#### Try it
Keep every word of the entries and print them exactly; the pictures stay out.

---- Data

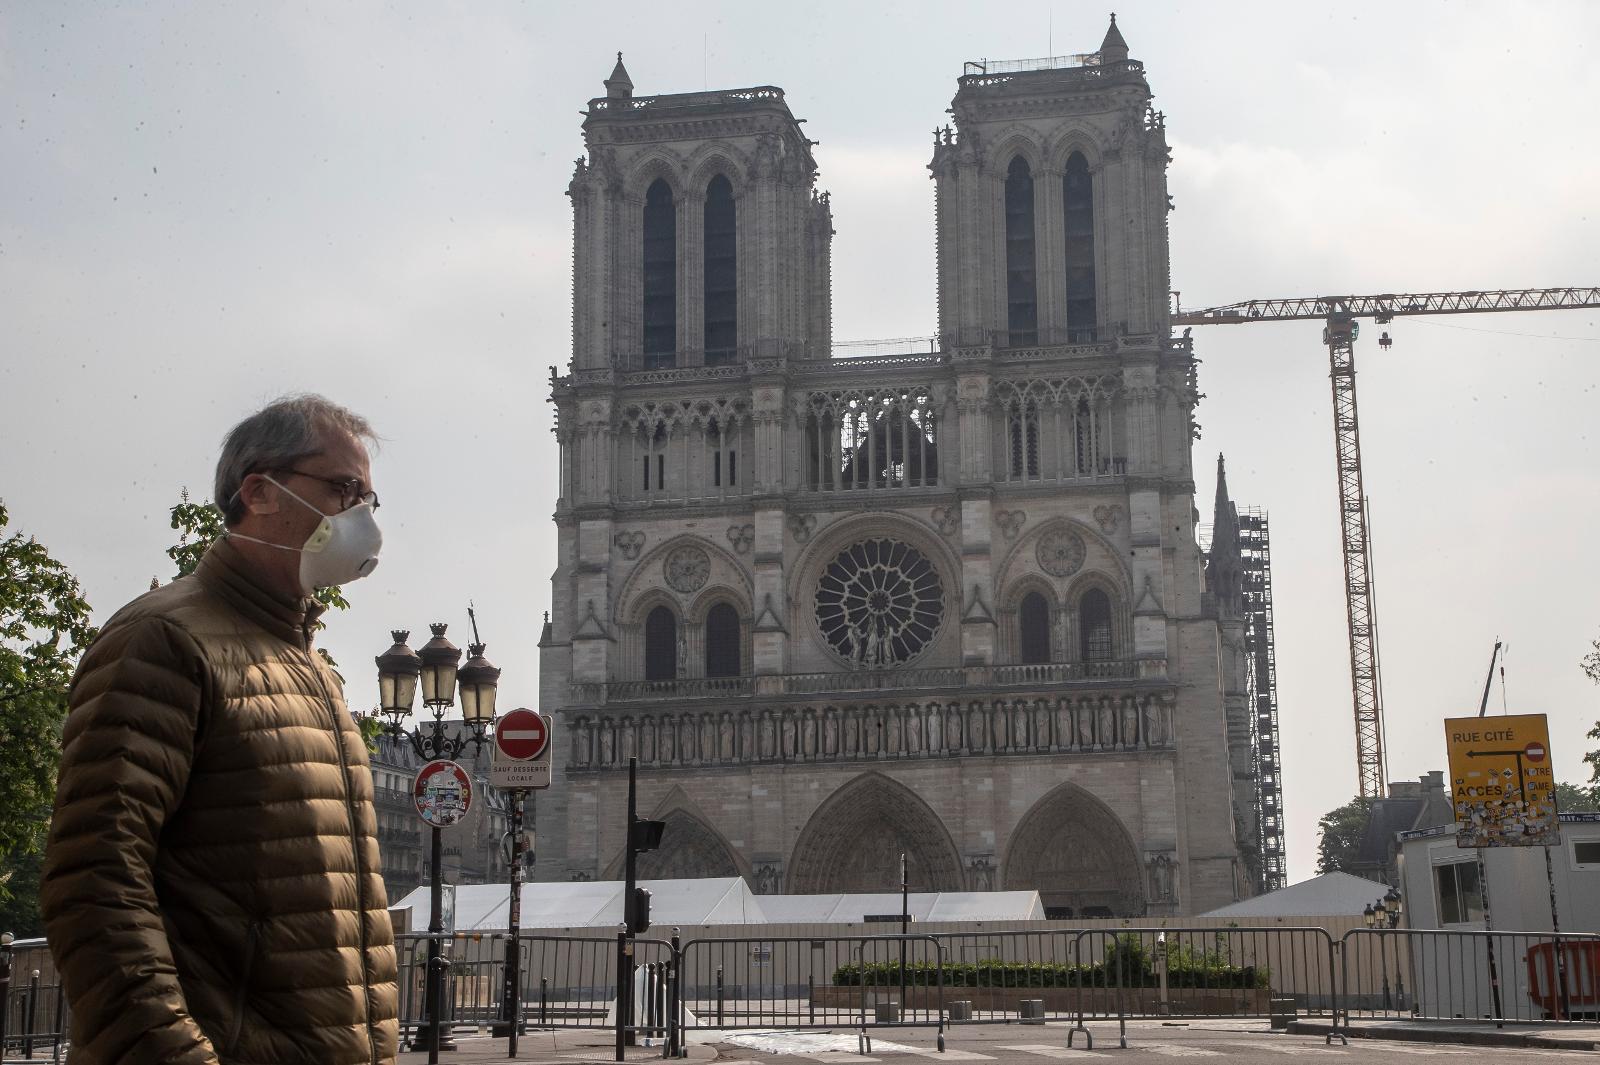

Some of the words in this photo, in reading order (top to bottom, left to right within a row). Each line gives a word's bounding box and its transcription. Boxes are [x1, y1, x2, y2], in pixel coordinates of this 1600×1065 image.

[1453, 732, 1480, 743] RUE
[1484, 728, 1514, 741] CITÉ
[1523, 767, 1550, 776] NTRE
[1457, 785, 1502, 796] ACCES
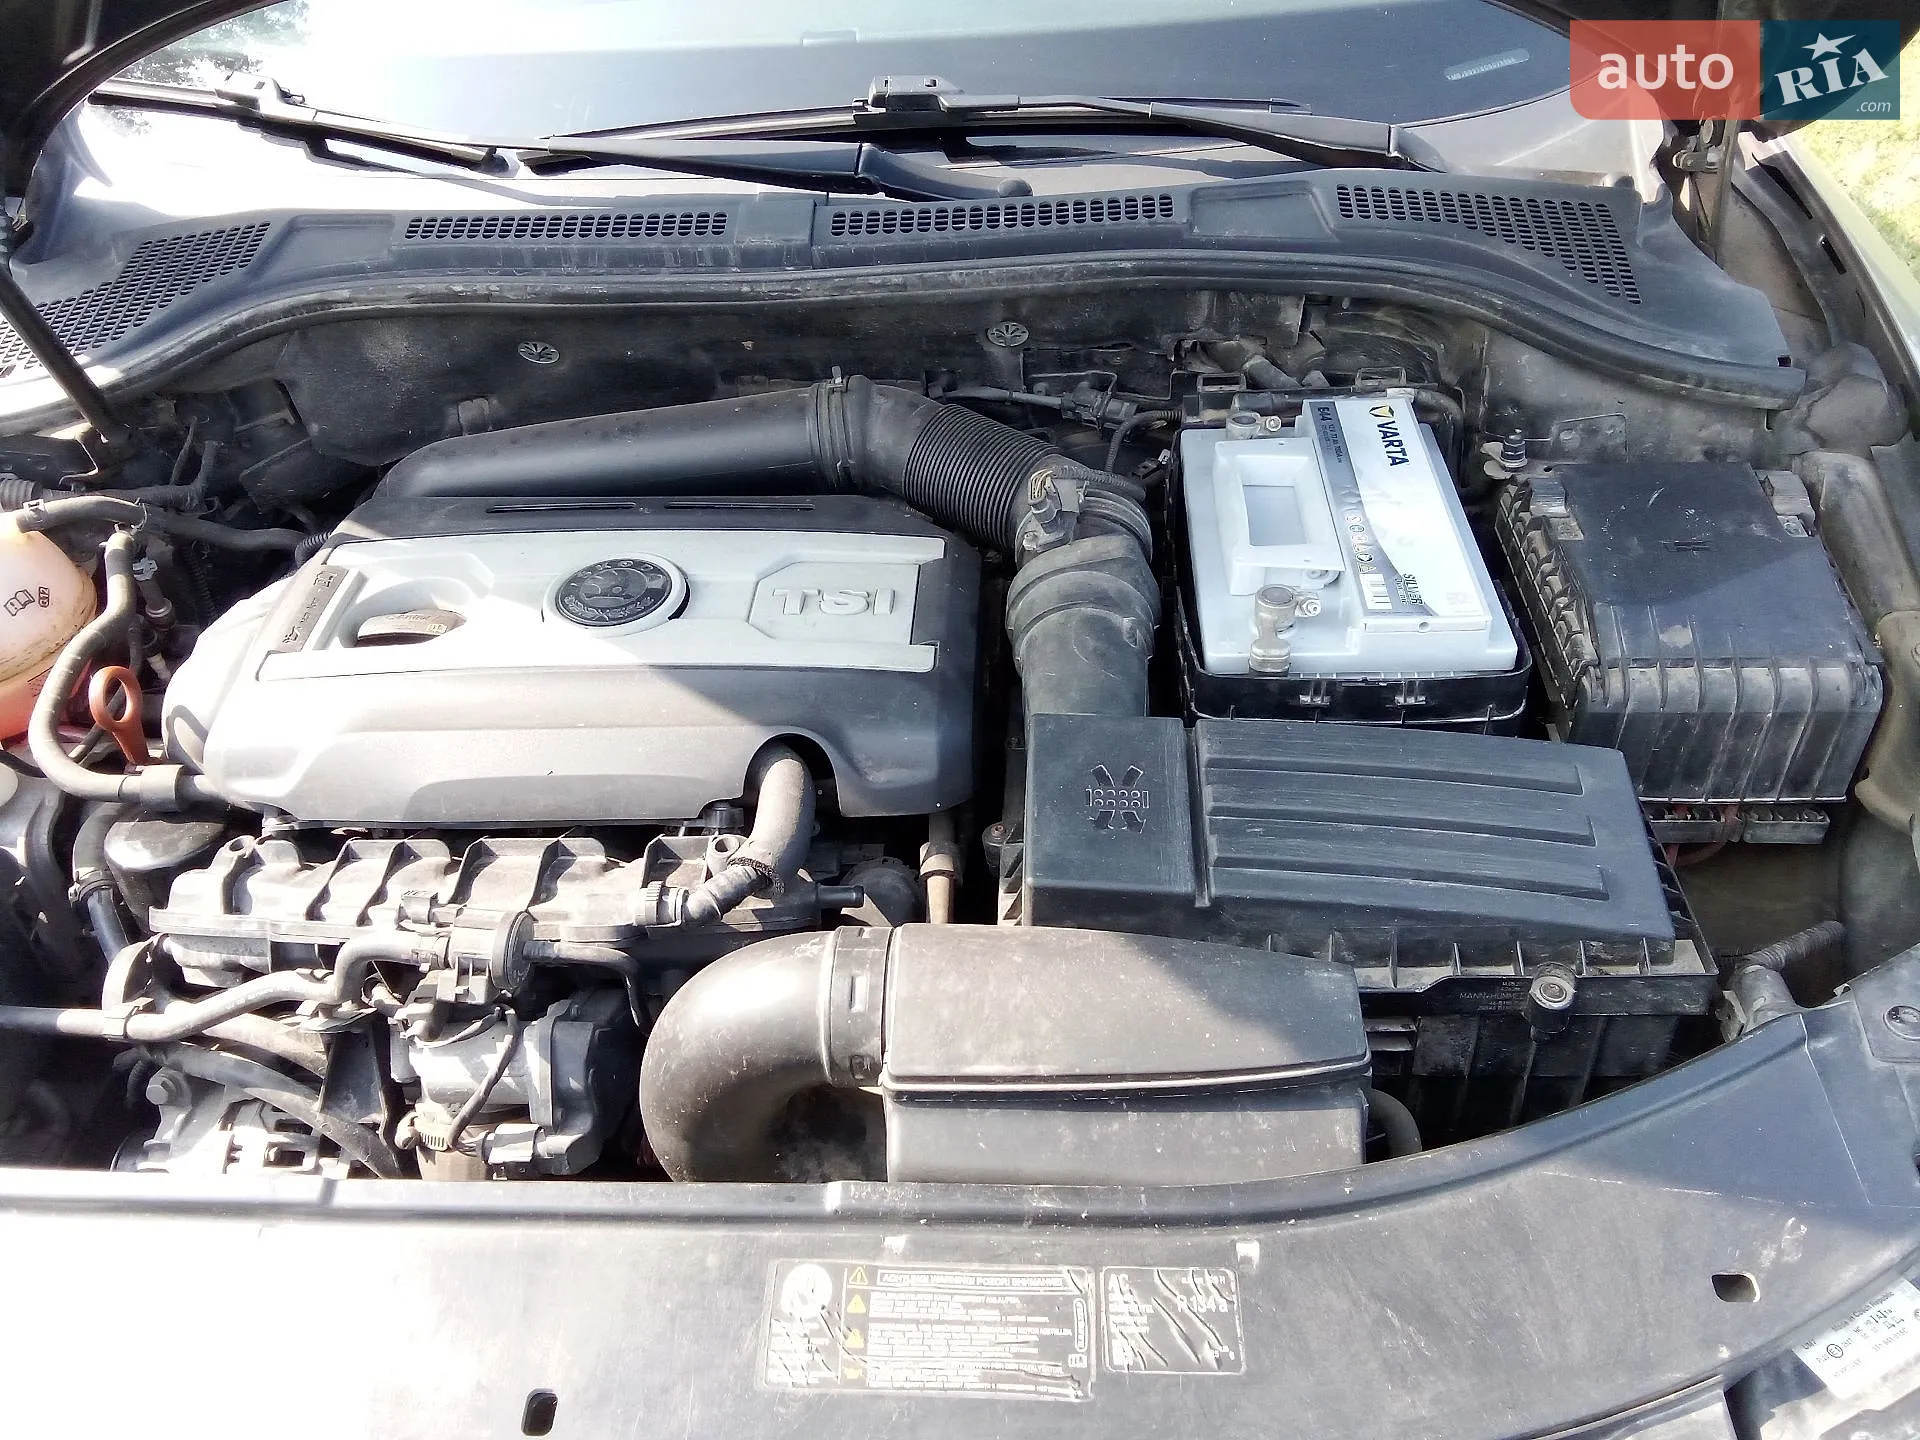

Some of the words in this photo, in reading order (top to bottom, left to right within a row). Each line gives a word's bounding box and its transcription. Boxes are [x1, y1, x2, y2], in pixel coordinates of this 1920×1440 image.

--------

#### Solution to the exercise
Some of the words in this photo, in reading order (top to bottom, left to right within a row). Each line gives a word's bounding box and its transcription. Boxes are [x1, y1, x2, y2], in pixel coordinates of this 1600×1065 image.

[1453, 732, 1480, 743] RUE
[1484, 728, 1514, 741] CITÉ
[1523, 767, 1550, 776] NTRE
[1457, 785, 1502, 796] ACCES

Some of the words in this photo, in reading order (top to bottom, left to right within a row). Each line gives a word's bounding box and its transcription. Boxes are [x1, y1, x2, y2], in pixel coordinates of this 1920×1440 image.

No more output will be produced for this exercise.